- [How to complete this task]:
Go over the entries and report the lines where the word "LIGHTS" occurs.

....

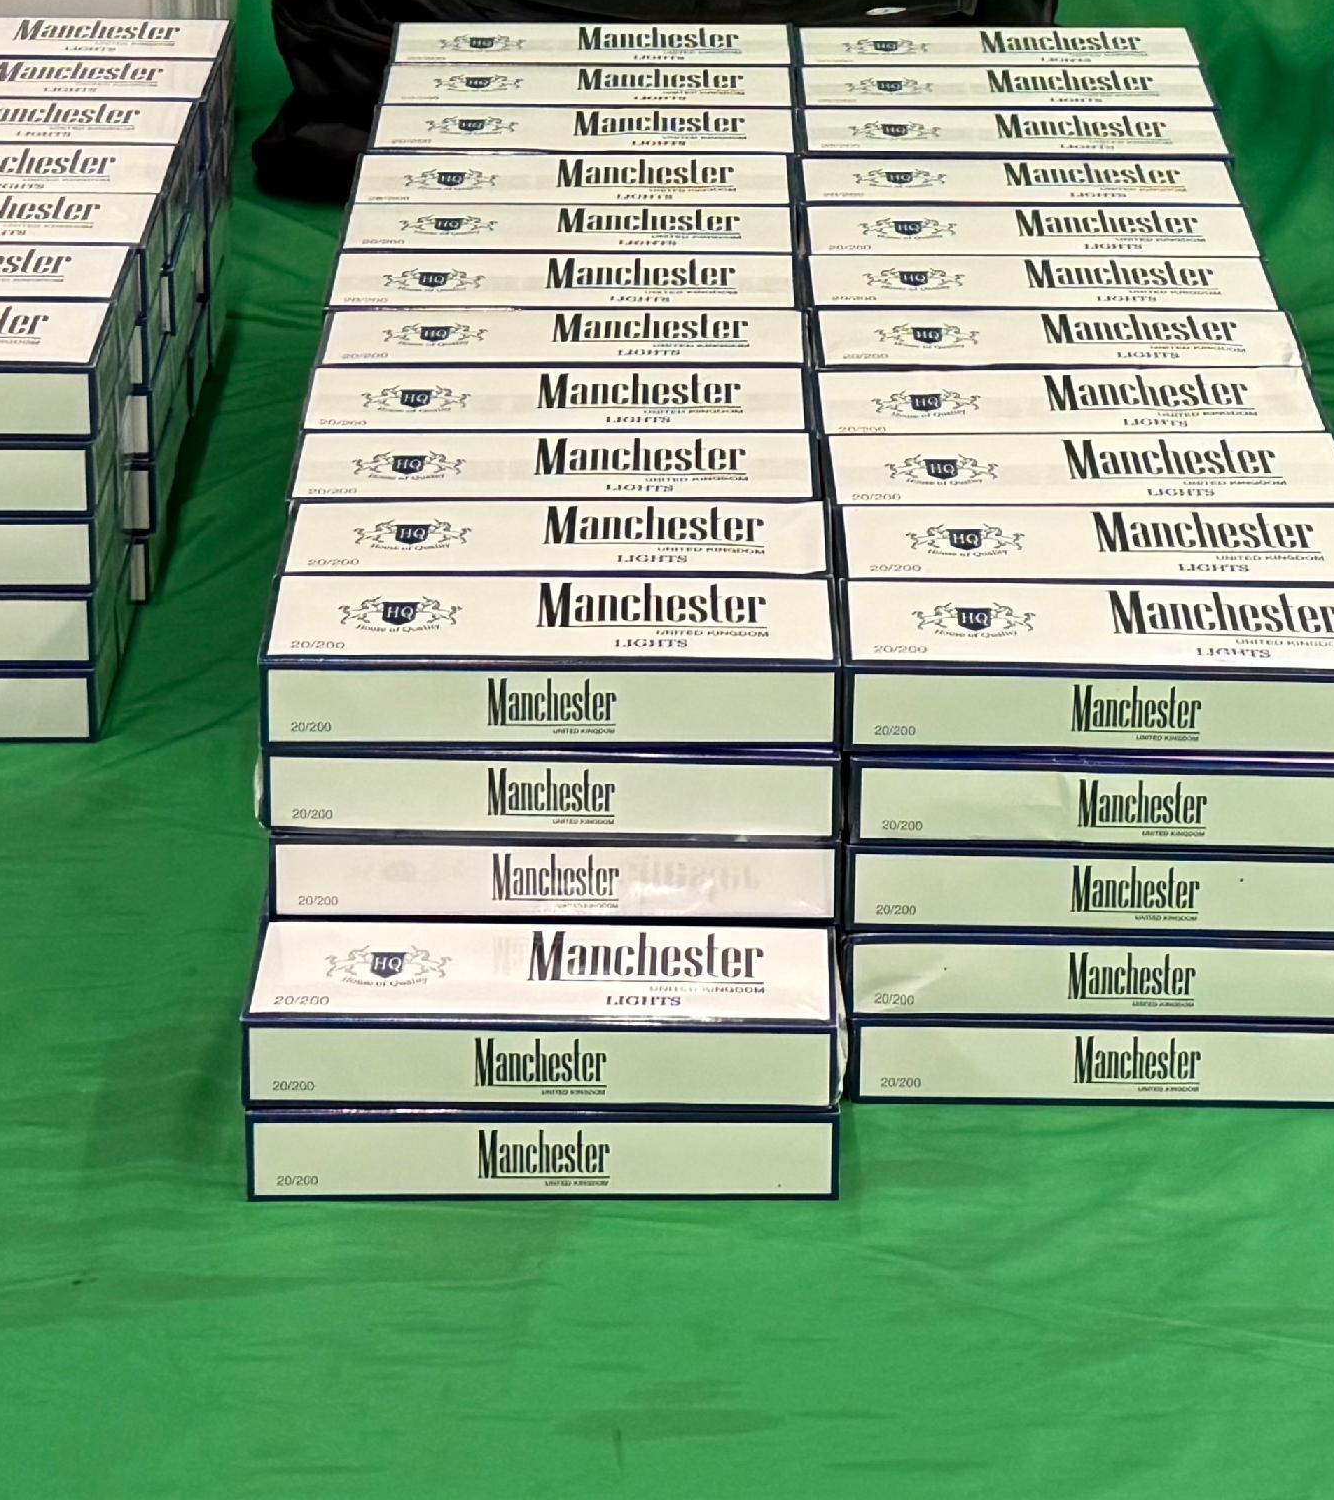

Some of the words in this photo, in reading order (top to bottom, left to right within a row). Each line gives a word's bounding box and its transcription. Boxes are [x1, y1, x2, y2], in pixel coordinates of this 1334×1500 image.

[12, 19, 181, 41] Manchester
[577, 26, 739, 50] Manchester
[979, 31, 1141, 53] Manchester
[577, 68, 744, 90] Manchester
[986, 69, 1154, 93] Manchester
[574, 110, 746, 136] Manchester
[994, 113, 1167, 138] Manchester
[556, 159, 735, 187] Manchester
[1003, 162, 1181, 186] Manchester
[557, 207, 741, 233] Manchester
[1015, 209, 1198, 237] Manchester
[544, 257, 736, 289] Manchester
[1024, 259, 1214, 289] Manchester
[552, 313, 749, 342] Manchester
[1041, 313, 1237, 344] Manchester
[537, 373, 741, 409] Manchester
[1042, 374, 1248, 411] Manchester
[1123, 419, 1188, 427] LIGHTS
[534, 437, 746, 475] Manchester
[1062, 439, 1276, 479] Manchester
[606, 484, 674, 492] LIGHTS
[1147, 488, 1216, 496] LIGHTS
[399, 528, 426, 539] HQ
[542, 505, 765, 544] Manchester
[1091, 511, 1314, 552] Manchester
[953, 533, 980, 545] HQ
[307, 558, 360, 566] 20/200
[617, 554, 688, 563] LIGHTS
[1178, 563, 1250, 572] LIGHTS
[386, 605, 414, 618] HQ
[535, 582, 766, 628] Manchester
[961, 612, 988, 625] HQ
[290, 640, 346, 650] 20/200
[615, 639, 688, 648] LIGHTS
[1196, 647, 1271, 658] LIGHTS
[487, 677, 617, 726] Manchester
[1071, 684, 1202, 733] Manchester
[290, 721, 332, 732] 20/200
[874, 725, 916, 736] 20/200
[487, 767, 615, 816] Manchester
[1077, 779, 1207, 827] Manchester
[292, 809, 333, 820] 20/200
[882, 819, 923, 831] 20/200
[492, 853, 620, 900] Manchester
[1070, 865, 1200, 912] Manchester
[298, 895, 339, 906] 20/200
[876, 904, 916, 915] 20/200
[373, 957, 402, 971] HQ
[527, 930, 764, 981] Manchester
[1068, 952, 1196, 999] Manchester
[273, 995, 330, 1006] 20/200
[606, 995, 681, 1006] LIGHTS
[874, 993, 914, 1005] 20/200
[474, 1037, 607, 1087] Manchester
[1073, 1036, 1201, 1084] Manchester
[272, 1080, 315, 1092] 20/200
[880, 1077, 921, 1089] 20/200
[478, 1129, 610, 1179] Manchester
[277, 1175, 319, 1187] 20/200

....

- [Your solution]:
[1123, 419, 1188, 427] LIGHTS
[606, 484, 674, 492] LIGHTS
[1147, 488, 1216, 496] LIGHTS
[617, 554, 688, 563] LIGHTS
[1178, 563, 1250, 572] LIGHTS
[615, 639, 688, 648] LIGHTS
[1196, 647, 1271, 658] LIGHTS
[606, 995, 681, 1006] LIGHTS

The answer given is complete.